My seventeenth summer was filled with marching troops. Weekly we saw them moving past our holdings along the river road. These were solid ranks of replacements for men fallen to disease during the summer rather than the steady trickle of new soldiers off to their first assignments on the border. Westward-bound funeral processions, black-draped wagons full of coffins drawn by sweating black horses, clopped and creaked past our homes on their mournful journey back to the civilized west, bearing the bodies of men from families sufficiently wealthy or noble to require that they be returned home for burial. Those we watched from a distance. My father made little noise about them, but my mother feared contagion and strictly forbade any of us to loiter along the river road when such sad processions were moving along it.

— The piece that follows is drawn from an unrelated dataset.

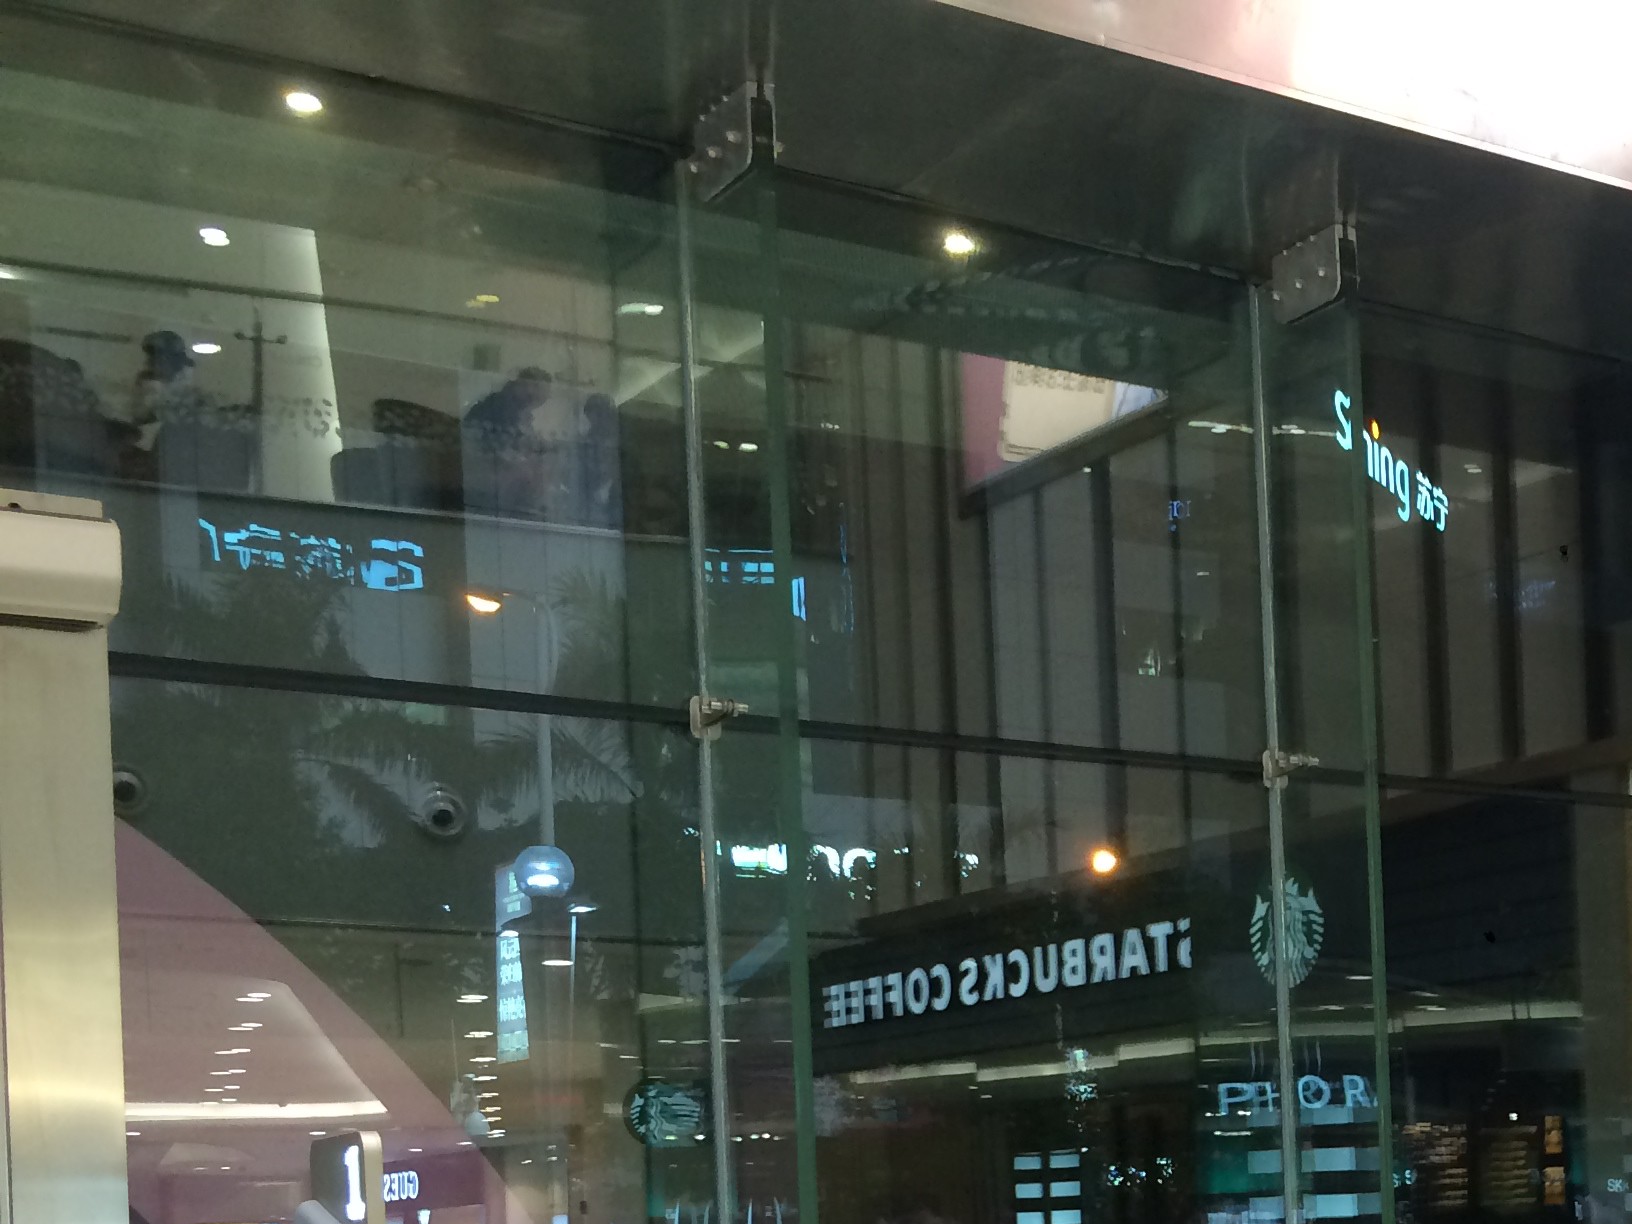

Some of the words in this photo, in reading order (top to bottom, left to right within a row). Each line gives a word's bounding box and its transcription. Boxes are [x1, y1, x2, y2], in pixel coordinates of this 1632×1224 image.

Each summer when the plague returned, wave after wave of it consumed our soldiers. My father estimated the mortality rate at between 23 and 46 percent among able-bodied soldiers, given the information he had access to. Among the elderly, the women, and the very young, the scythe of death swung even more efficiently, leaving few standing in its wake. It wasted a healthy man to skin and bone in a matter of days. Of those who survived, some recovered to lead nearly normal lives, though most were unfit for the heavy duty of a horse soldier. Some suffered an impaired sense of balance, a terrible loss for a cavalryman. The survivors I met were unnaturally thin. The soldier sons of my father’s friends, they stopped in to visit and dine with us on their long journeys back to Old Thares. They ate and drank as any men did, and some even pushed themselves to consume more than a normal amount of victuals. Yet they could not seem to regain the strength and vitality they had once possessed. Broken bones and torn muscles seemed to befall them easily. It was a terrible thing to see young officers, once hale and hearty, now thin and listless and retiring from the military just when they should have been rising to command. They seemed weary beyond the stress of a long day in the saddle. They spoke of frontier towns full of widows and children, their common-soldier husbands fallen not to war, but to plague.